§ **Problem requirements**
Pictures are not part of the copy. Reproduce all the records exactly.

=== Section Start ===

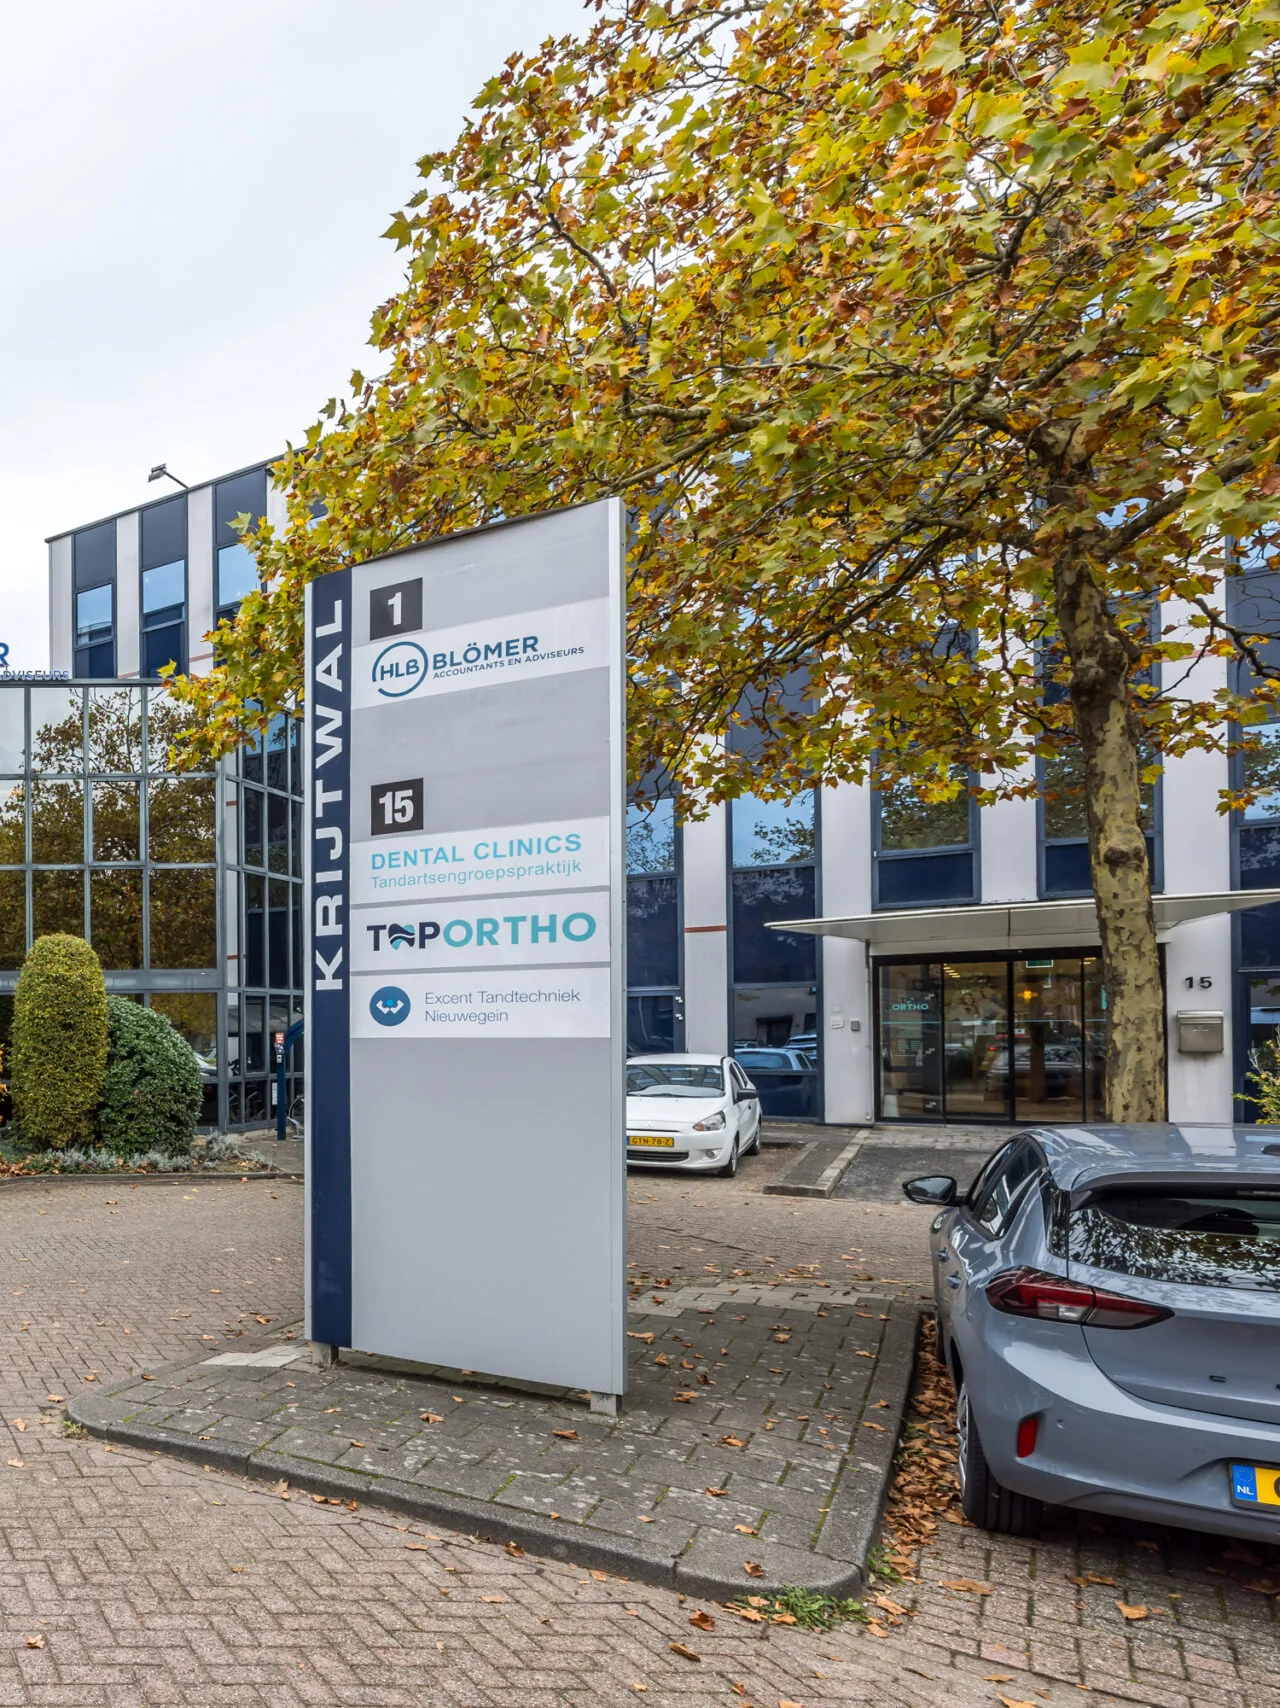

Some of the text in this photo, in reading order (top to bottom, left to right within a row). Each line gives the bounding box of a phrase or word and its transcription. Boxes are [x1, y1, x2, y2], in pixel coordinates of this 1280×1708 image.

[387, 591, 403, 627] 1
[380, 635, 539, 682] HLB BLÖMER
[432, 646, 585, 680] ACCOUNTANTS EN ADVISEURS
[315, 599, 343, 991] KRIJTWAL
[378, 788, 415, 826] 15
[370, 833, 582, 871] DENTAL CLINICS
[370, 859, 583, 889] Tandartsengroepspraktijk
[425, 988, 581, 1005] Excent Tandtechniek
[1185, 976, 1212, 989] 15
[424, 1008, 509, 1025] Nieuwegein
[1237, 1485, 1254, 1496] NL
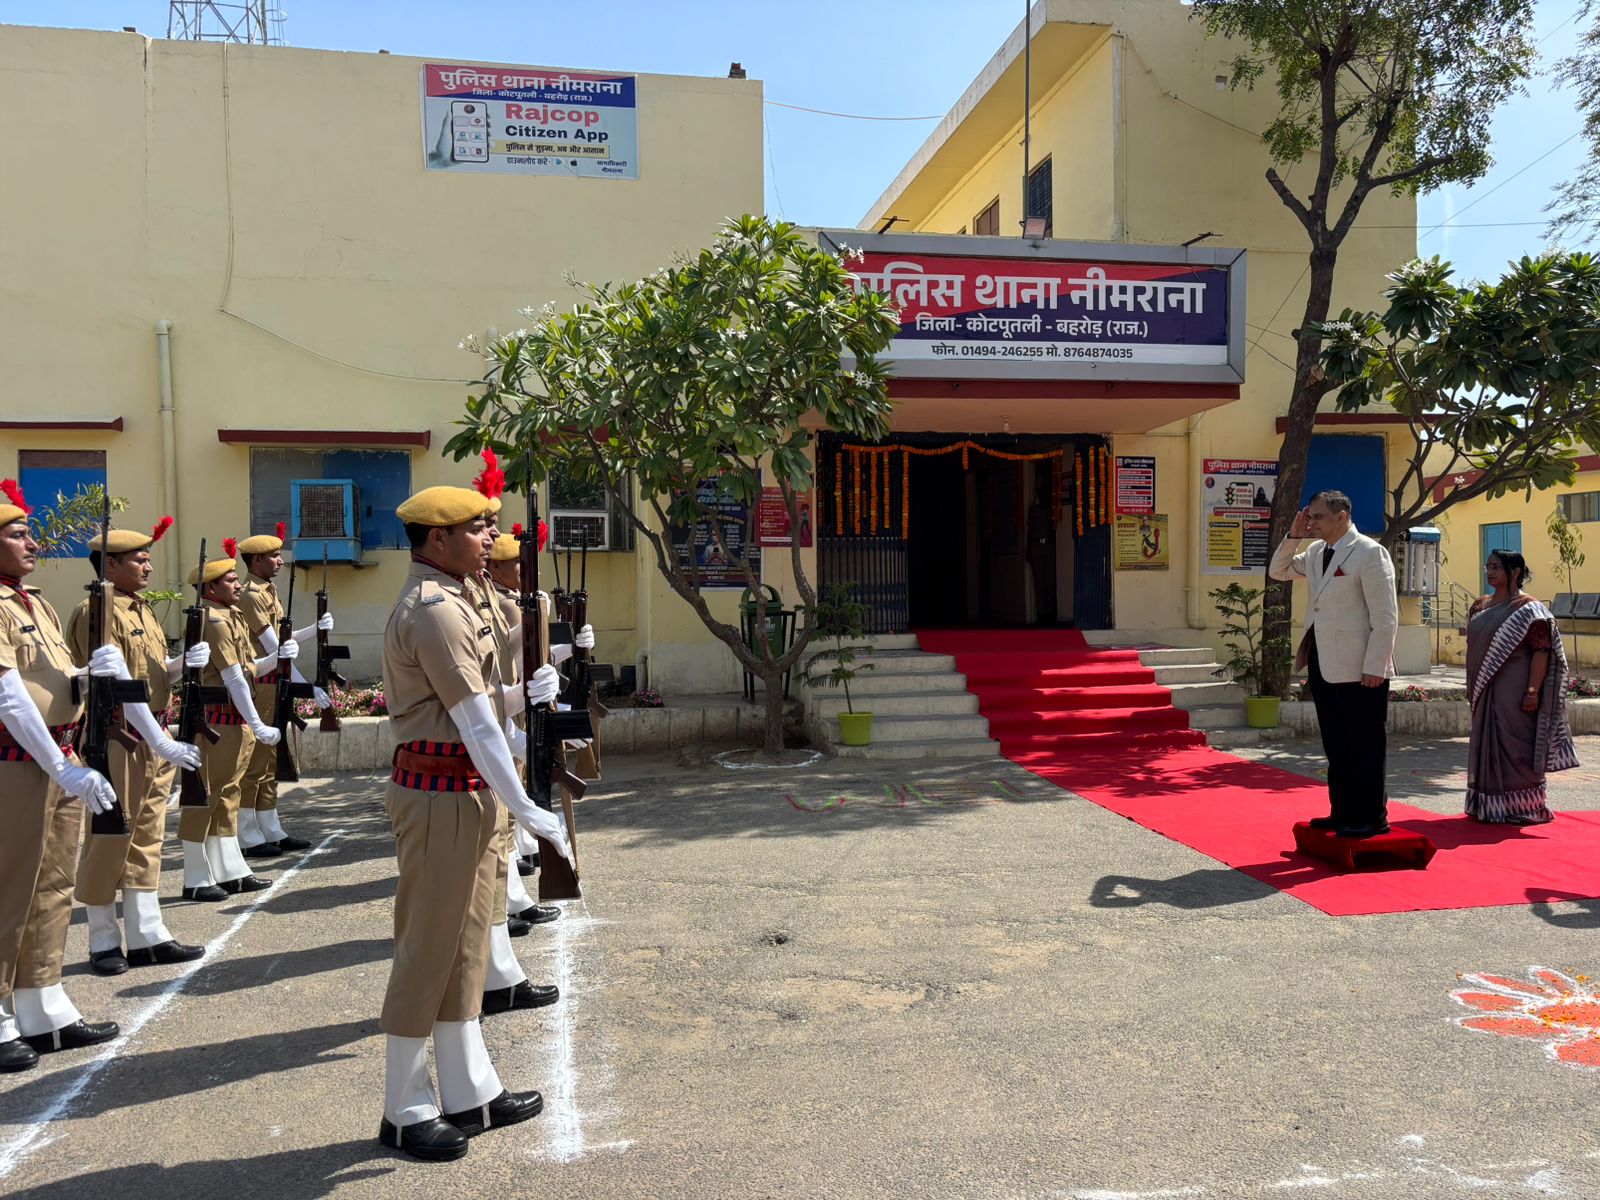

=== Section End ===

§ **Exercise result**
Some of the text in this photo, in reading order (top to bottom, left to right within a row). Each line gives the bounding box of a phrase or word and its transcription. Boxes are [x1, y1, x2, y2], in pixel coordinates of this 1280×1708 image.

[387, 591, 403, 627] 1
[380, 635, 539, 682] HLB BLÖMER
[432, 646, 585, 680] ACCOUNTANTS EN ADVISEURS
[315, 599, 343, 991] KRIJTWAL
[378, 788, 415, 826] 15
[370, 833, 582, 871] DENTAL CLINICS
[370, 859, 583, 889] Tandartsengroepspraktijk
[425, 988, 581, 1005] Excent Tandtechniek
[1185, 976, 1212, 989] 15
[424, 1008, 509, 1025] Nieuwegein
[1237, 1485, 1254, 1496] NL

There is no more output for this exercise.